Supplied entries section start
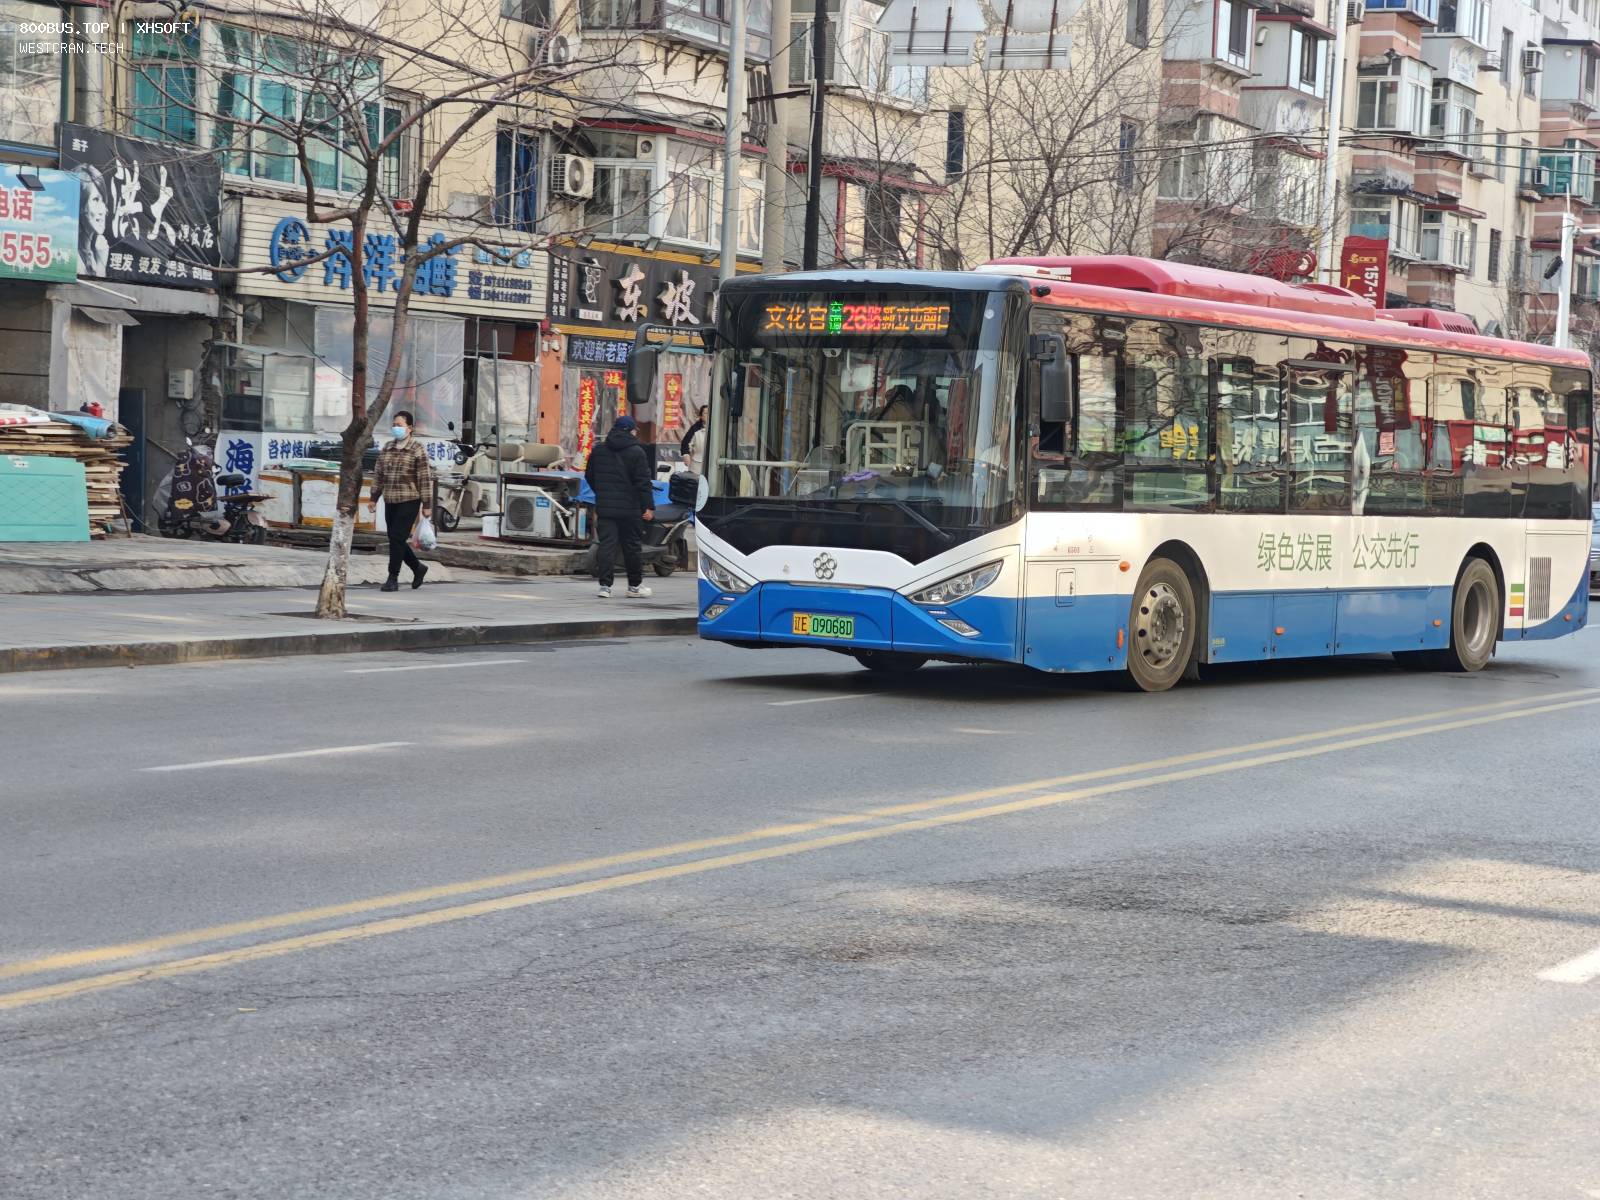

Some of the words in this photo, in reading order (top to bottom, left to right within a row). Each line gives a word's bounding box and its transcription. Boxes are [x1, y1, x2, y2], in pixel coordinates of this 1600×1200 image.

[110, 252, 134, 272] 理发
[612, 263, 719, 327] 东坡
[765, 304, 828, 331] 文化宫
[1256, 531, 1332, 572] 绿色发展
[1352, 531, 1420, 571] 公交先行
[812, 617, 853, 636] 09068D
Supplied entries section end
Instructions for the task ->
Write out the data above exactly as it appears, but without any image.

Written response ->
Some of the words in this photo, in reading order (top to bottom, left to right within a row). Each line gives a word's bounding box and its transcription. Boxes are [x1, y1, x2, y2], in pixel coordinates of this 1600×1200 image.

[110, 252, 134, 272] 理发
[612, 263, 719, 327] 东坡
[765, 304, 828, 331] 文化宫
[1256, 531, 1332, 572] 绿色发展
[1352, 531, 1420, 571] 公交先行
[812, 617, 853, 636] 09068D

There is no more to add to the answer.